▶ [What this task involves]
Each entry is to be retyped exactly as it appears. Leave the images out.

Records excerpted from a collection
↓↓↓

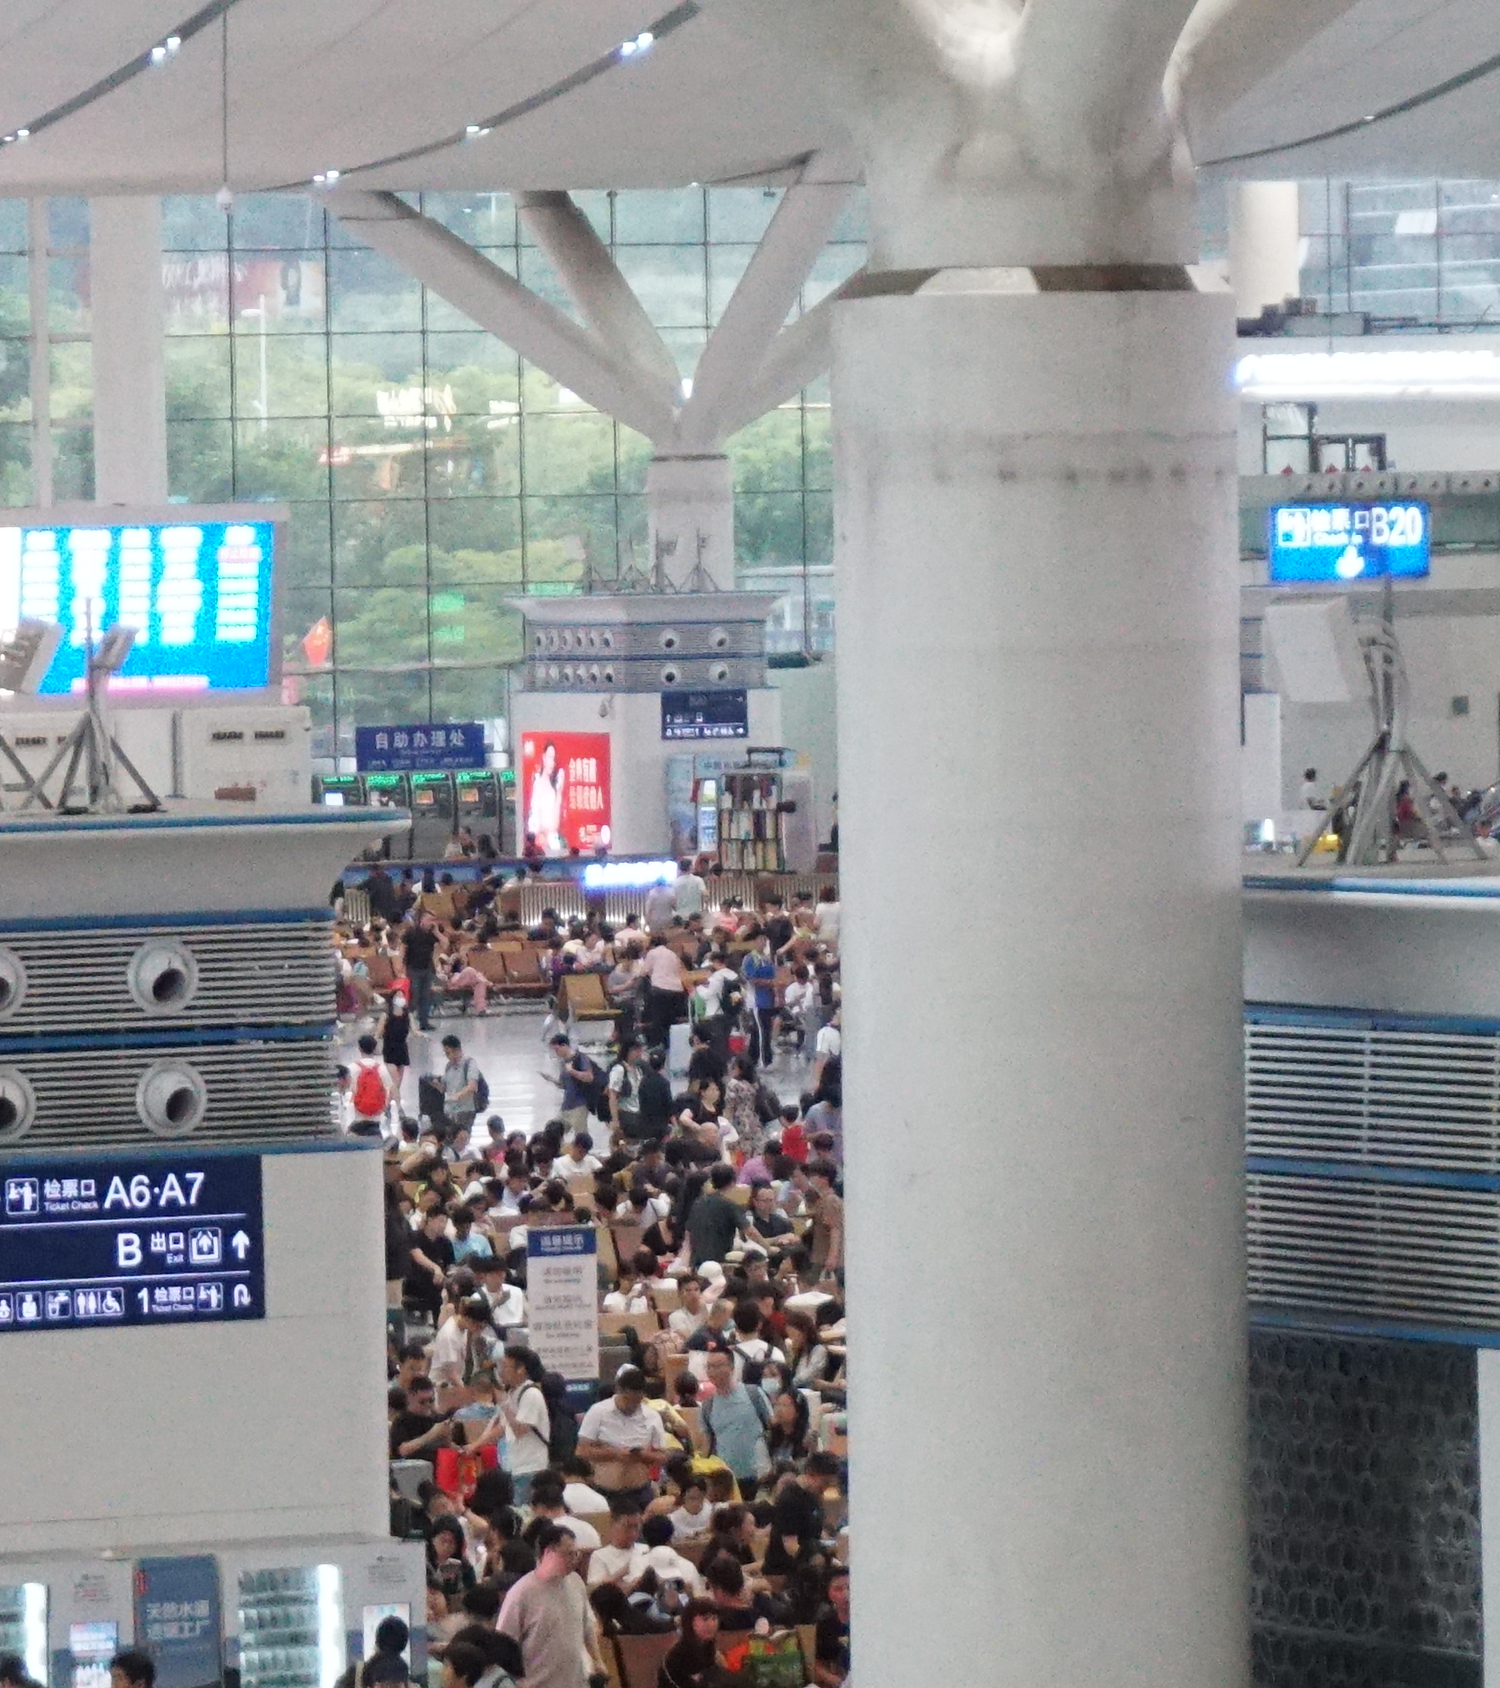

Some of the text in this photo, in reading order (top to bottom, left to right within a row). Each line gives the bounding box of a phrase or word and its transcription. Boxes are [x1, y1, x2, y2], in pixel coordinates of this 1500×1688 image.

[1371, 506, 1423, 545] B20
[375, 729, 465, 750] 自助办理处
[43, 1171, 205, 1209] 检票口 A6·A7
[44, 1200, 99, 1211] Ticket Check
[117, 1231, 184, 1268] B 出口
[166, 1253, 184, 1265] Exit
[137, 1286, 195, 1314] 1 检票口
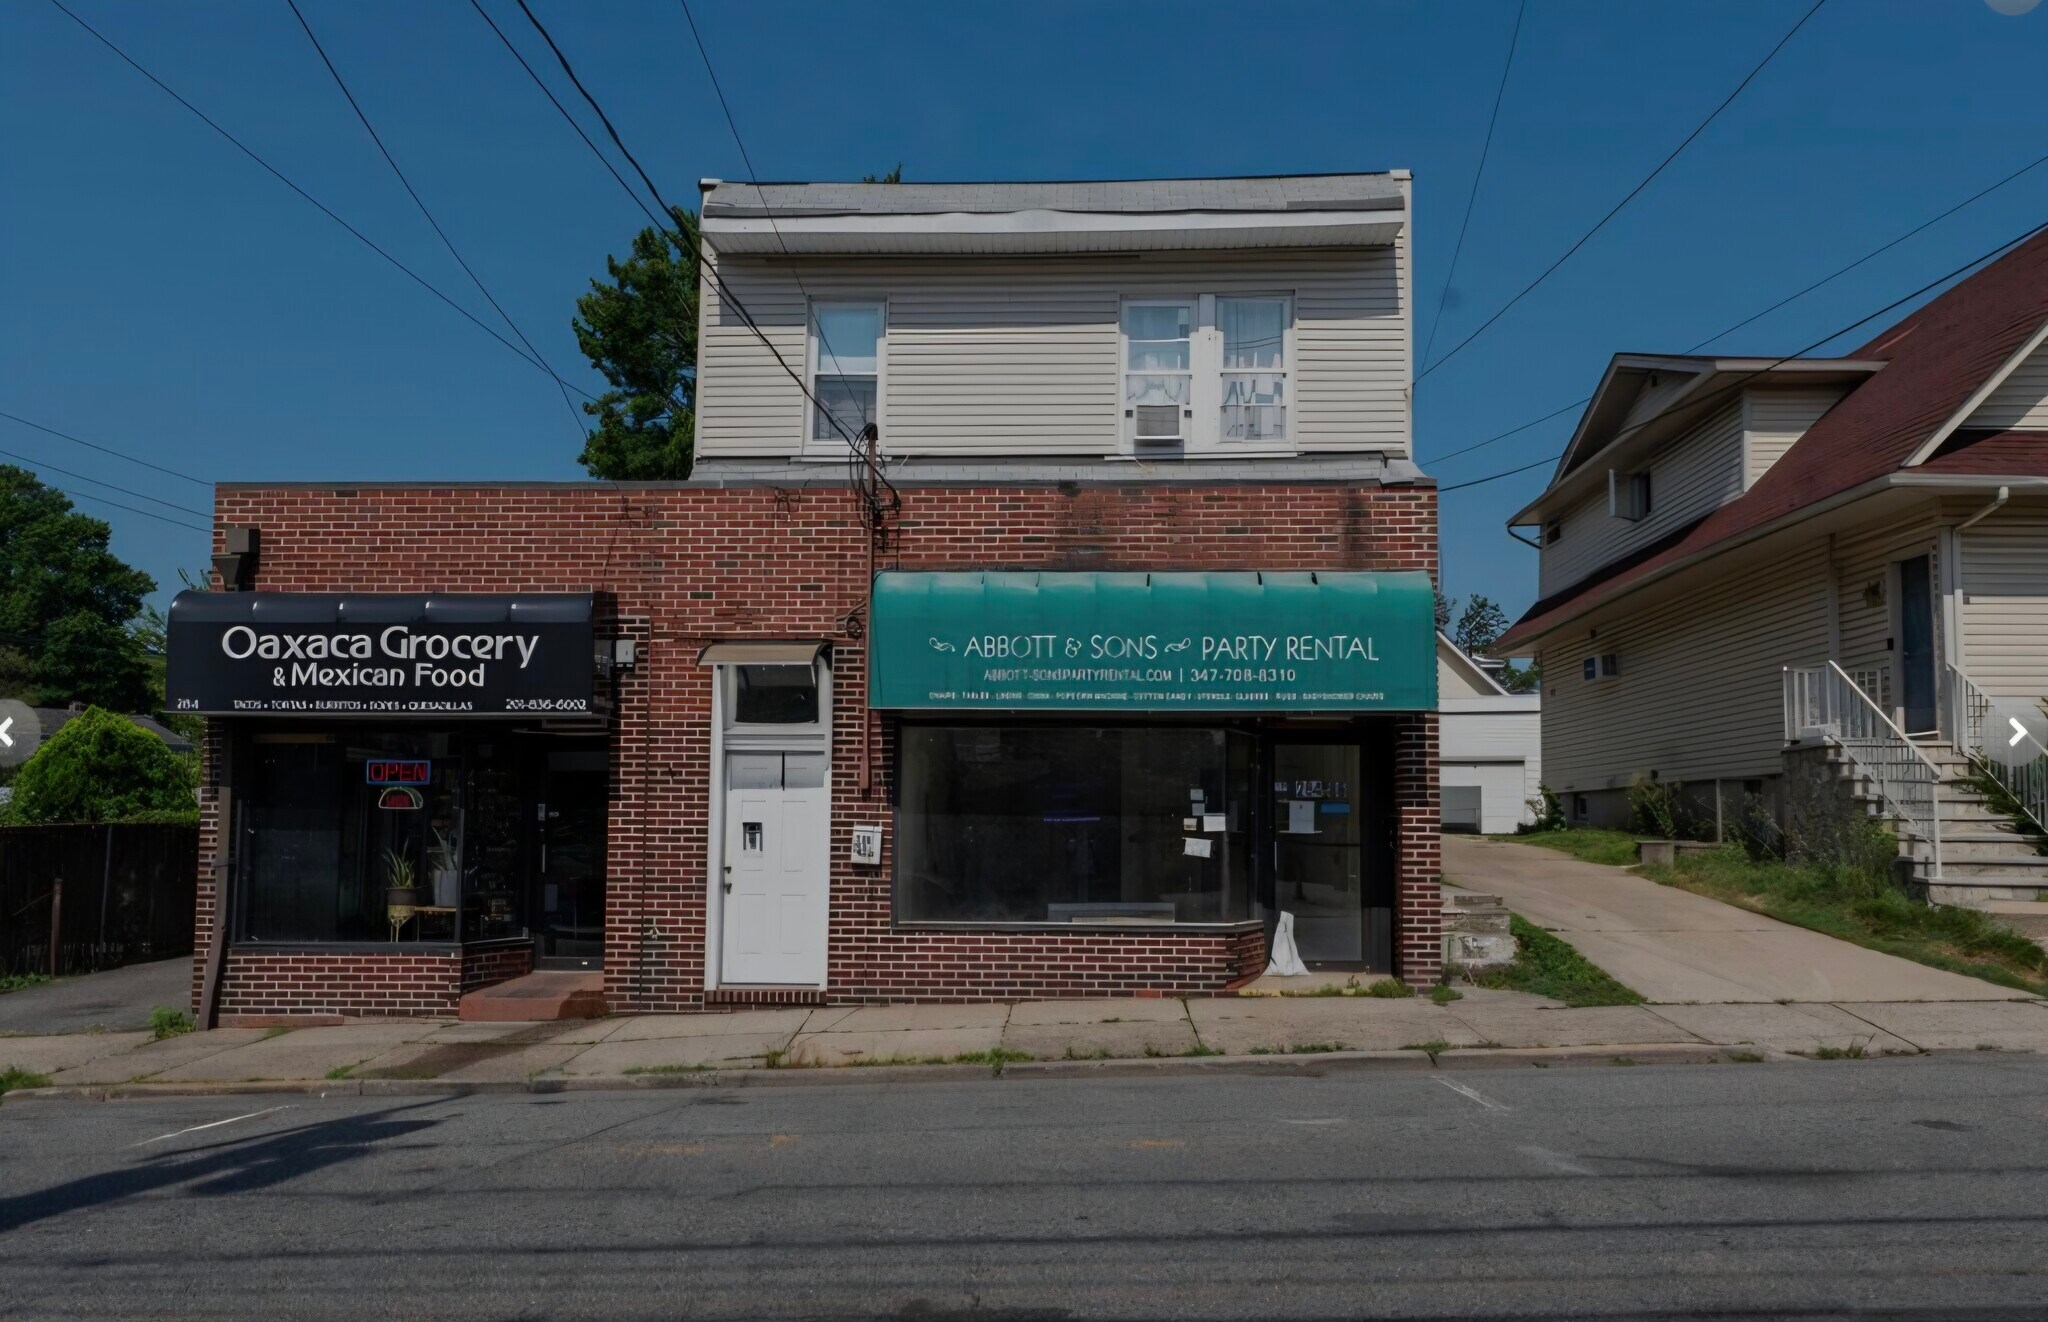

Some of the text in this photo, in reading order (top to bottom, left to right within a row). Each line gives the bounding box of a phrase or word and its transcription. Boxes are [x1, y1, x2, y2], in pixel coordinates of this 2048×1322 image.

↑↑↑

▶ [Exercise answer]
Some of the text in this photo, in reading order (top to bottom, left to right within a row). Each line gives the bounding box of a phrase or word and its transcription. Boxes are [x1, y1, x2, y2], in pixel coordinates of this 1500×1688 image.

[1371, 506, 1423, 545] B20
[375, 729, 465, 750] 自助办理处
[43, 1171, 205, 1209] 检票口 A6·A7
[44, 1200, 99, 1211] Ticket Check
[117, 1231, 184, 1268] B 出口
[166, 1253, 184, 1265] Exit
[137, 1286, 195, 1314] 1 检票口

Some of the text in this photo, in reading order (top to bottom, left to right within a row). Each line gives the bounding box of a phrase or word and its transcription. Boxes are [x1, y1, x2, y2], in pixel coordinates of this 2048×1322 image.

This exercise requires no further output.